Available data —
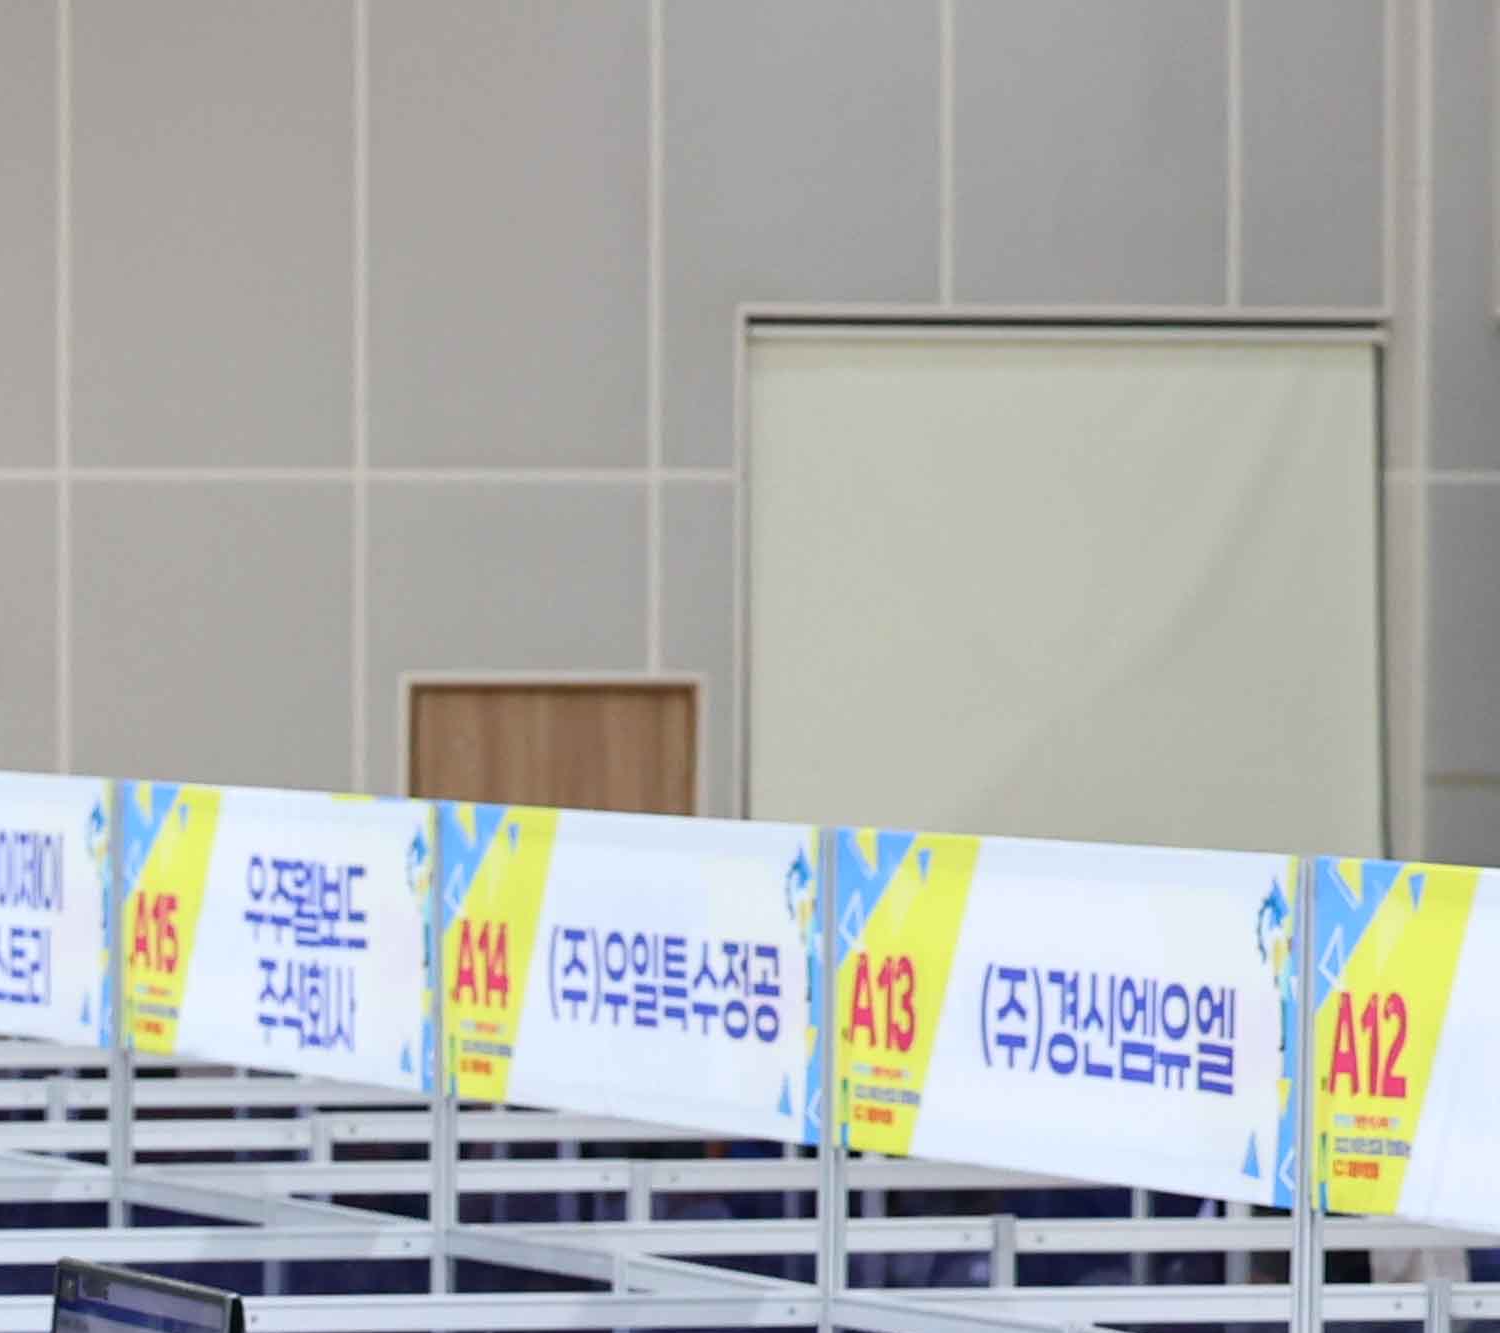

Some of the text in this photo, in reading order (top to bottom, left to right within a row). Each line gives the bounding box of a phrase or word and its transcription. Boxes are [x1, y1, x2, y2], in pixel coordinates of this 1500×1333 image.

[130, 893, 179, 975] A15
[452, 919, 510, 1010] A14
[549, 924, 782, 1046] (주)우일특수정공
[257, 957, 356, 1051] 주식회사
[849, 952, 917, 1056] A13
[980, 963, 1237, 1097] (주)경신엠유엘
[1330, 990, 1408, 1099] A12

Required work —
The answer must be the listing above, restated word for word, with no images in it.

Result of the exercise —
Some of the text in this photo, in reading order (top to bottom, left to right within a row). Each line gives the bounding box of a phrase or word and its transcription. Boxes are [x1, y1, x2, y2], in pixel coordinates of this 1500×1333 image.

[130, 893, 179, 975] A15
[452, 919, 510, 1010] A14
[549, 924, 782, 1046] (주)우일특수정공
[257, 957, 356, 1051] 주식회사
[849, 952, 917, 1056] A13
[980, 963, 1237, 1097] (주)경신엠유엘
[1330, 990, 1408, 1099] A12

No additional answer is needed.